With increasingly more significant developments and dependence on computers in sectors such as finance, healthcare, and media, it is critical that Japan continue improving its cyber security measures qualitatively and quantitatively.
The question is: Who is responsible for introducing and (more importantly) implementing these cyber security measures?
Japan’s National Information Security Center (NISC) plays a central role in overseeing cyber security measures. NISC was established in 2005 under the Cabinet Secretariat, and is responsible for addressing information security issues and drafting national cyber security plans.

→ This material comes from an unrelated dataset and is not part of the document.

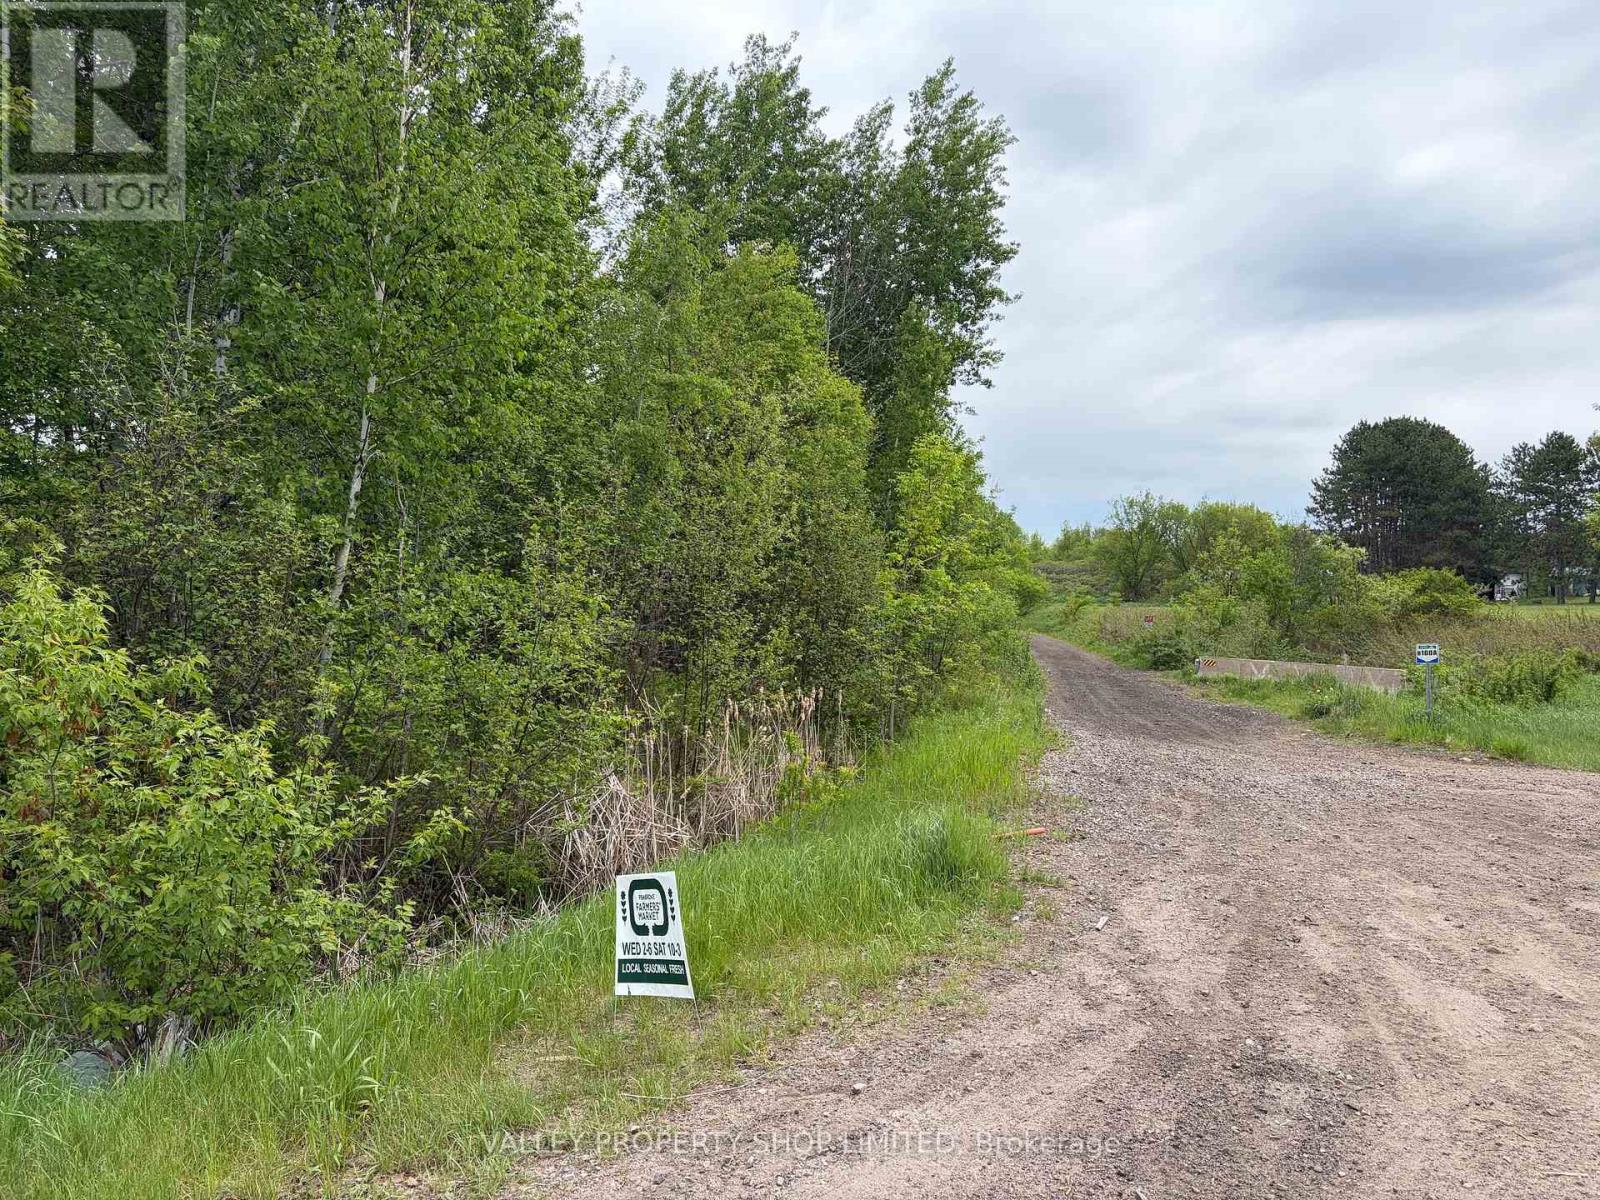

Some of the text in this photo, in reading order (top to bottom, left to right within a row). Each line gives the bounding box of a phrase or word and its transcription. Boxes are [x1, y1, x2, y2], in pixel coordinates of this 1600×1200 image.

[638, 912, 659, 920] MARKET
[622, 942, 682, 957] WED 2-6 SAT 10-3
[622, 963, 685, 975] LOCAL SEASONAL FRESH

Although NISC is one of the central organizations for cyber security, it has struggled to carry out its functions effectively due to structural issues. NISC is mostly composed of officials and authorities “borrowed” from other ministries and the National Police Agency (NPA) for two to three year terms. On top of this, the roles of the multiple organizations tasked with overseeing and managing cyber security in Japan are not well defined. This includes organizations such as Information Security Policy Council (ISPC), Ministry of Economy, Trade and Industry (METI), Ministry of Internal Affairs and Communications (MIC). Authority and roles amongst these groups are not properly defined, and as a result several roles often overlap.
No law gives NISC and its operational unit, the Government Security Operation Co-ordination team (GSOC), authority to deal with threats in a timely manner due to the sectionalism among Japanese ministries. To strengthen the foundation of Japan’s ICT framework, Japanese lawmakers are preparing a bill that will provide NISC with legal authority to lead cyber security policy and specific roles would be assigned to the national body. The bill is scheduled to be submitted to the Diet in autumn of 2014. Enhancing the legal authority of NISC would is necessary for Japan to build confidence and share information more freely.
Along with the structural problems, Japan lacks qualified professional software engineers. According to the 2013 Cyber Security strategy, released by NISC, there are 265,000 information security engineers in Japan, which are about 80,000 less than needed. The strategy also states that among the engineers employed, about 60 percent do not have the adequate skills to counter a new computer virus.
The 2013 Cyber Security strategy also states that NISC would address its lack of manpower in 2015, and halve its shortage of staff by 2020. The shortage is not static, and will keep changing progressively. Therefore, Japan needs to prioritise manpower issues and deal with them periodically. NISC also needs to address the absence of permanently assigned personnel to tackle the scarcity of experts and engineers.
Major decisions and amendments have to be made over the span of the next few years in order for Japan to be able to achieve the goals set in its own Cyber Security strategy. The steps taken by the government to improve the overall cyber security framework are encouraging, but in the case of a potential cyber attack, is smooth communication ensured between the bodies of the Japanese government?
In order to remove the sectionalism and confusion among its ministries, NISC must become the central agency responsible for Japan’s cyber space.